**Work instruction**:
Without including any images, set down the records below exactly.

——————

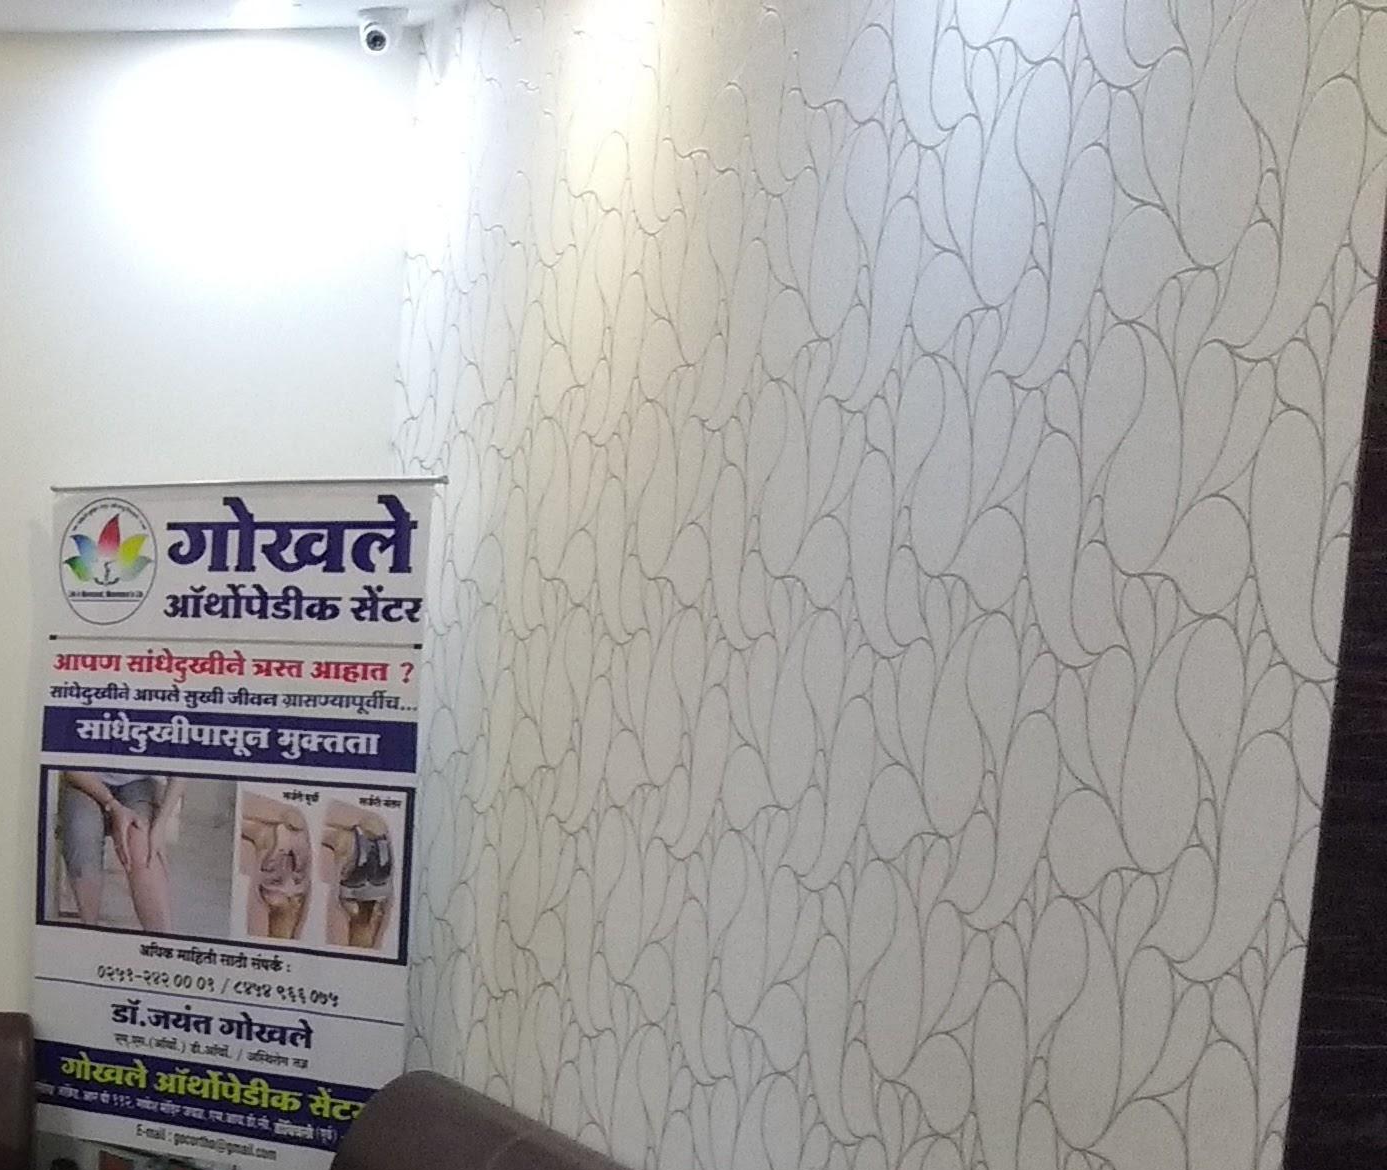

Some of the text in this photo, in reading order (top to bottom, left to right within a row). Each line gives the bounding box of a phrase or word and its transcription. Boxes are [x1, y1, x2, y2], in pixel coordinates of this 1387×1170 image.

[167, 494, 418, 573] गोखले
[163, 583, 423, 622] ऑर्थोपेडीक सेंटर
[53, 649, 415, 684] आपण सांधेदुखीने त्रस्त आहात ?
[50, 684, 129, 706] सांधेदुखीने
[133, 685, 180, 703] आपले
[184, 686, 224, 708] सुखी
[226, 689, 277, 708] जीवन
[76, 712, 380, 760] सांधेदुखीपासून मुक्तता
[139, 942, 173, 958] अधिक
[177, 946, 217, 966] माहिती
[220, 951, 247, 969] साठी
[251, 953, 283, 973] संपर्क
[219, 1011, 314, 1050] गोखले
[60, 1051, 149, 1089] गोखले
[153, 1067, 303, 1114] ऑर्थोपेडीक
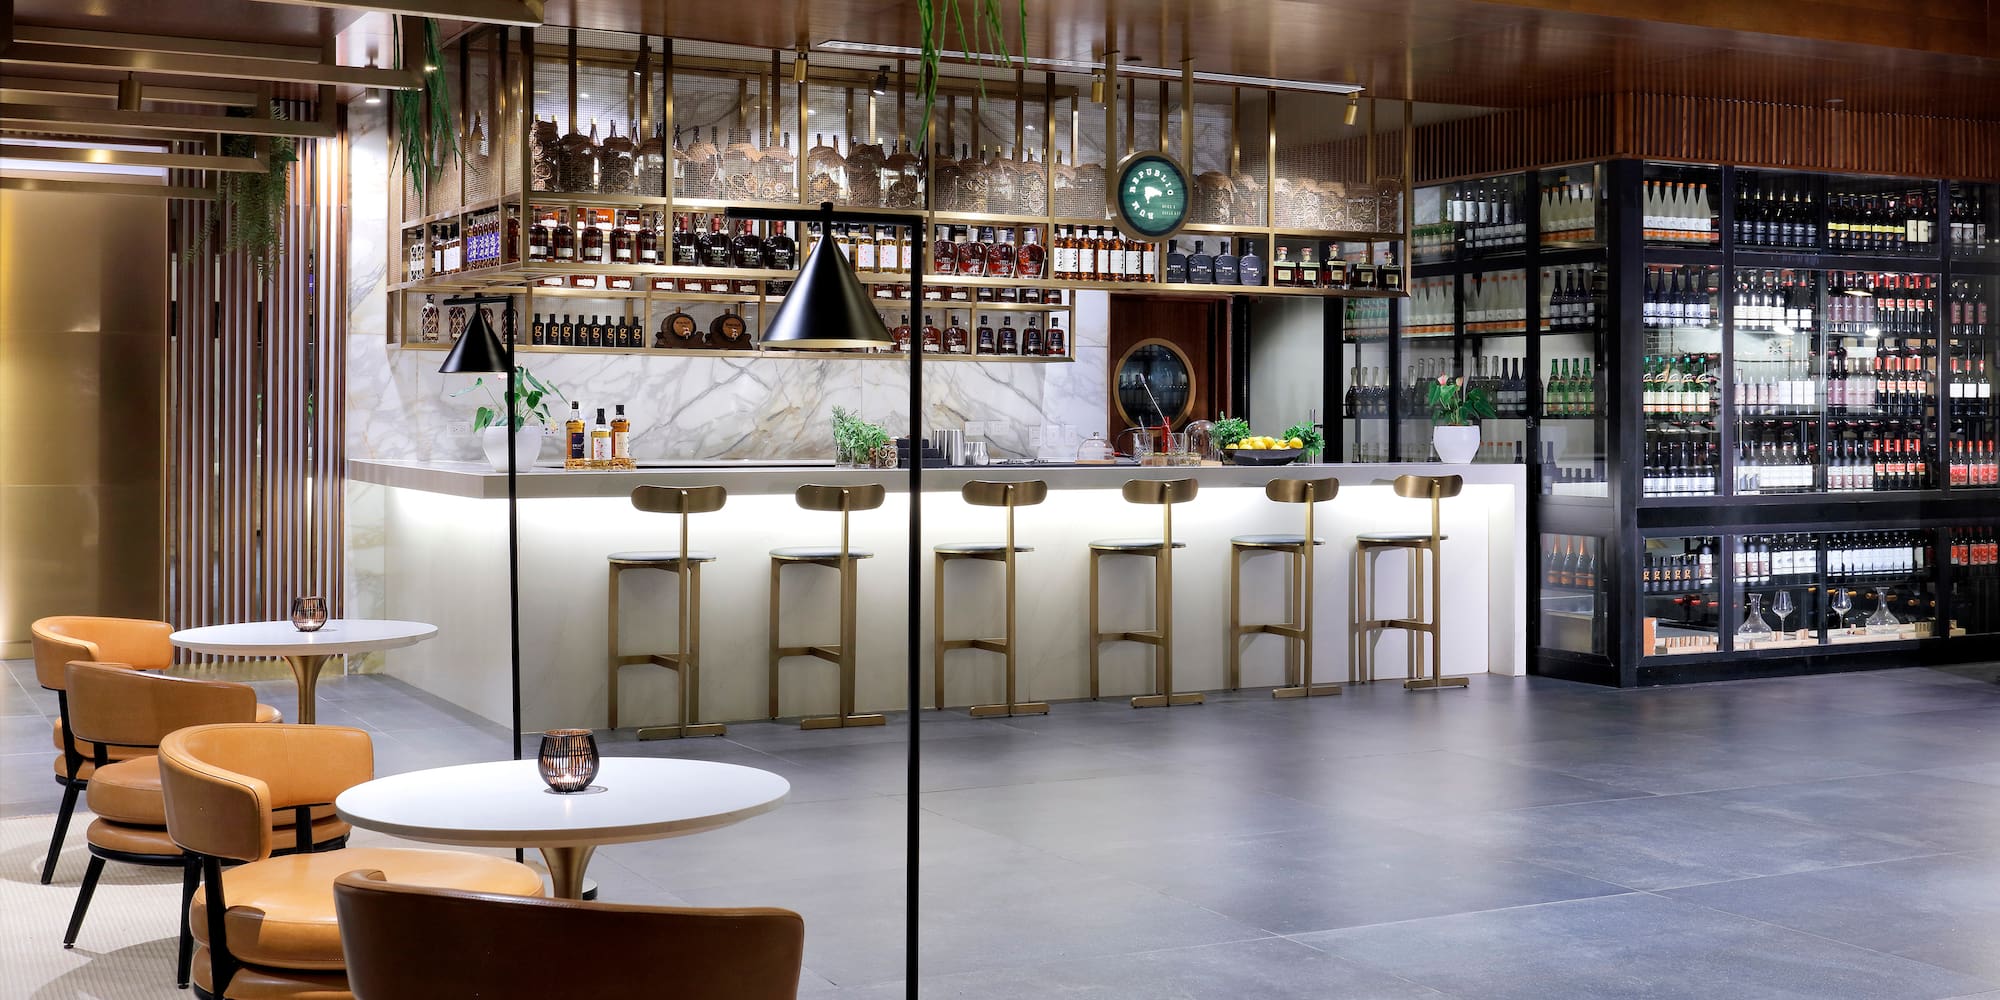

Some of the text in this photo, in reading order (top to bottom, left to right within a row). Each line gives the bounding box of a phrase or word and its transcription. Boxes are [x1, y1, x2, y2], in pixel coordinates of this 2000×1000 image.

[1132, 200, 1154, 220] RUM
[534, 326, 542, 337] g
[551, 326, 558, 337] g
[563, 326, 571, 338] g
[580, 327, 587, 338] g
[593, 327, 600, 338] g
[607, 328, 614, 339] g
[620, 328, 627, 339] g
[634, 329, 640, 339] g
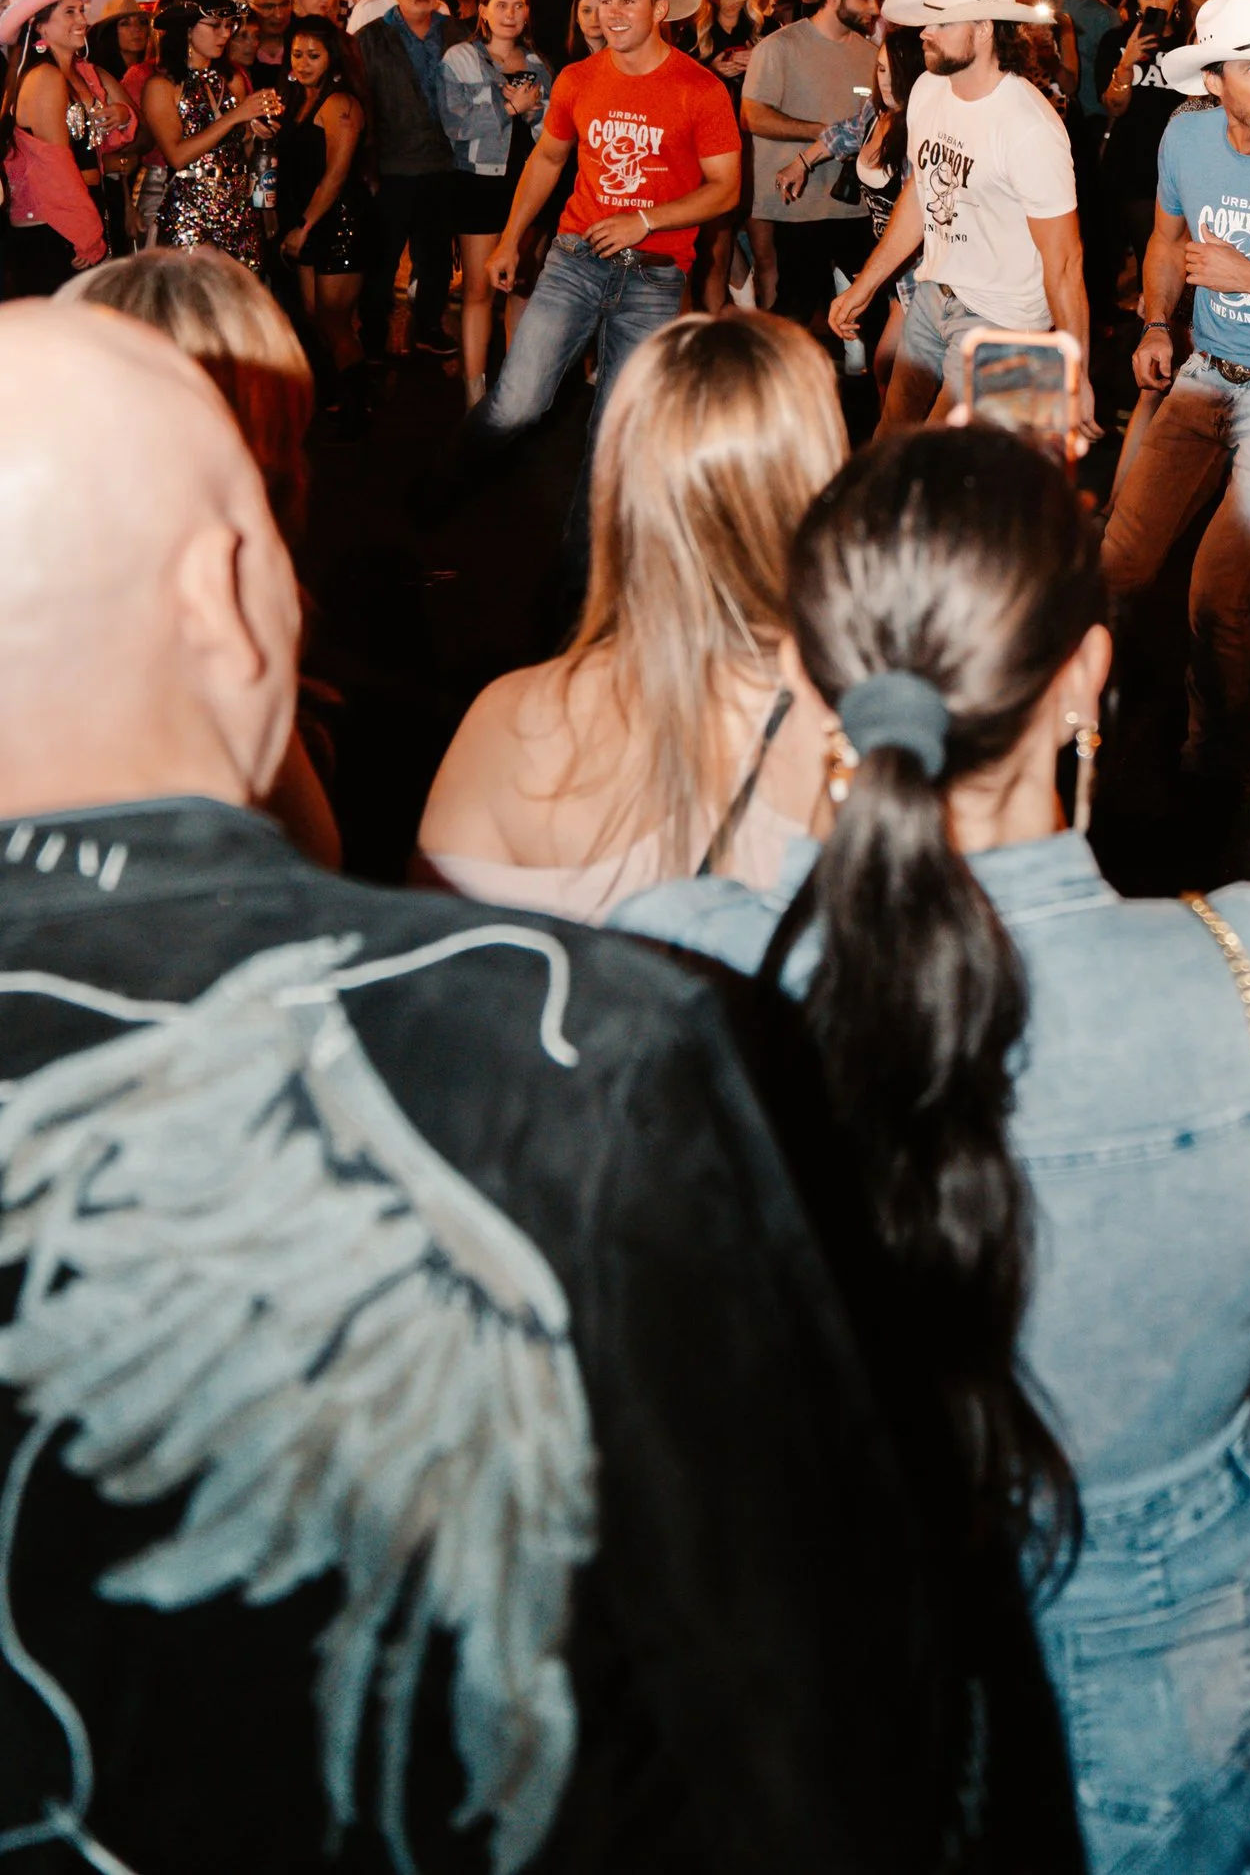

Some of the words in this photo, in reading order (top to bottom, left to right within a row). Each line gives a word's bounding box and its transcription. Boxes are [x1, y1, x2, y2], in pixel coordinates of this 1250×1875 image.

[608, 110, 648, 123] URBAN
[588, 118, 665, 156] COWBOY
[937, 131, 965, 150] URBAN
[917, 138, 975, 189] COWBOY
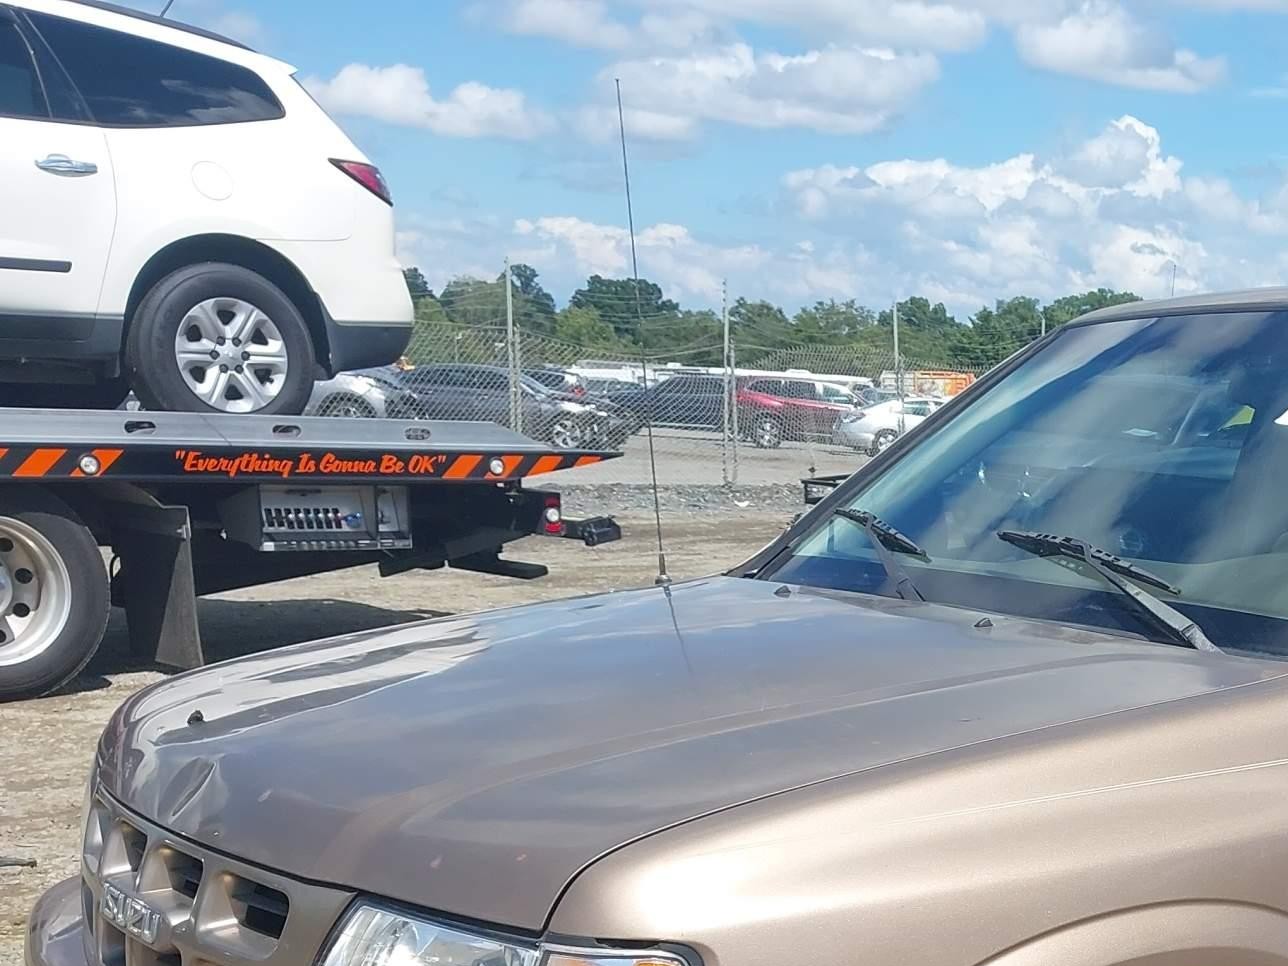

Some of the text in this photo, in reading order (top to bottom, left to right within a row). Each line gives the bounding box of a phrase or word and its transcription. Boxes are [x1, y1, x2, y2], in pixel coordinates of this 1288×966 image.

——————

**Task solution**:
Some of the text in this photo, in reading order (top to bottom, left to right within a row). Each line gives the bounding box of a phrase or word and its transcription. Boxes are [x1, y1, x2, y2], in pixel coordinates of this 1387×1170 image.

[167, 494, 418, 573] गोखले
[163, 583, 423, 622] ऑर्थोपेडीक सेंटर
[53, 649, 415, 684] आपण सांधेदुखीने त्रस्त आहात ?
[50, 684, 129, 706] सांधेदुखीने
[133, 685, 180, 703] आपले
[184, 686, 224, 708] सुखी
[226, 689, 277, 708] जीवन
[76, 712, 380, 760] सांधेदुखीपासून मुक्तता
[139, 942, 173, 958] अधिक
[177, 946, 217, 966] माहिती
[220, 951, 247, 969] साठी
[251, 953, 283, 973] संपर्क
[219, 1011, 314, 1050] गोखले
[60, 1051, 149, 1089] गोखले
[153, 1067, 303, 1114] ऑर्थोपेडीक

Some of the text in this photo, in reading order (top to bottom, left to right within a row). Each line gives the bounding box of a phrase or word and its transcription. Boxes are [x1, y1, x2, y2], in pixel coordinates of this 2000×1000 image.

[1132, 200, 1154, 220] RUM
[534, 326, 542, 337] g
[551, 326, 558, 337] g
[563, 326, 571, 338] g
[580, 327, 587, 338] g
[593, 327, 600, 338] g
[607, 328, 614, 339] g
[620, 328, 627, 339] g
[634, 329, 640, 339] g

Some of the words in this photo, in reading order (top to bottom, left to right within a row). Each line gives a word's bounding box and its transcription. Boxes are [x1, y1, x2, y2], in pixel coordinates of this 1250×1875 image.

[608, 110, 648, 123] URBAN
[588, 118, 665, 156] COWBOY
[937, 131, 965, 150] URBAN
[917, 138, 975, 189] COWBOY

Some of the text in this photo, in reading order (top to bottom, left to right within a row). Each line gives the bounding box of a phrase or word and its transcription. Boxes are [x1, y1, x2, y2], in pixel coordinates of this 1288×966 image.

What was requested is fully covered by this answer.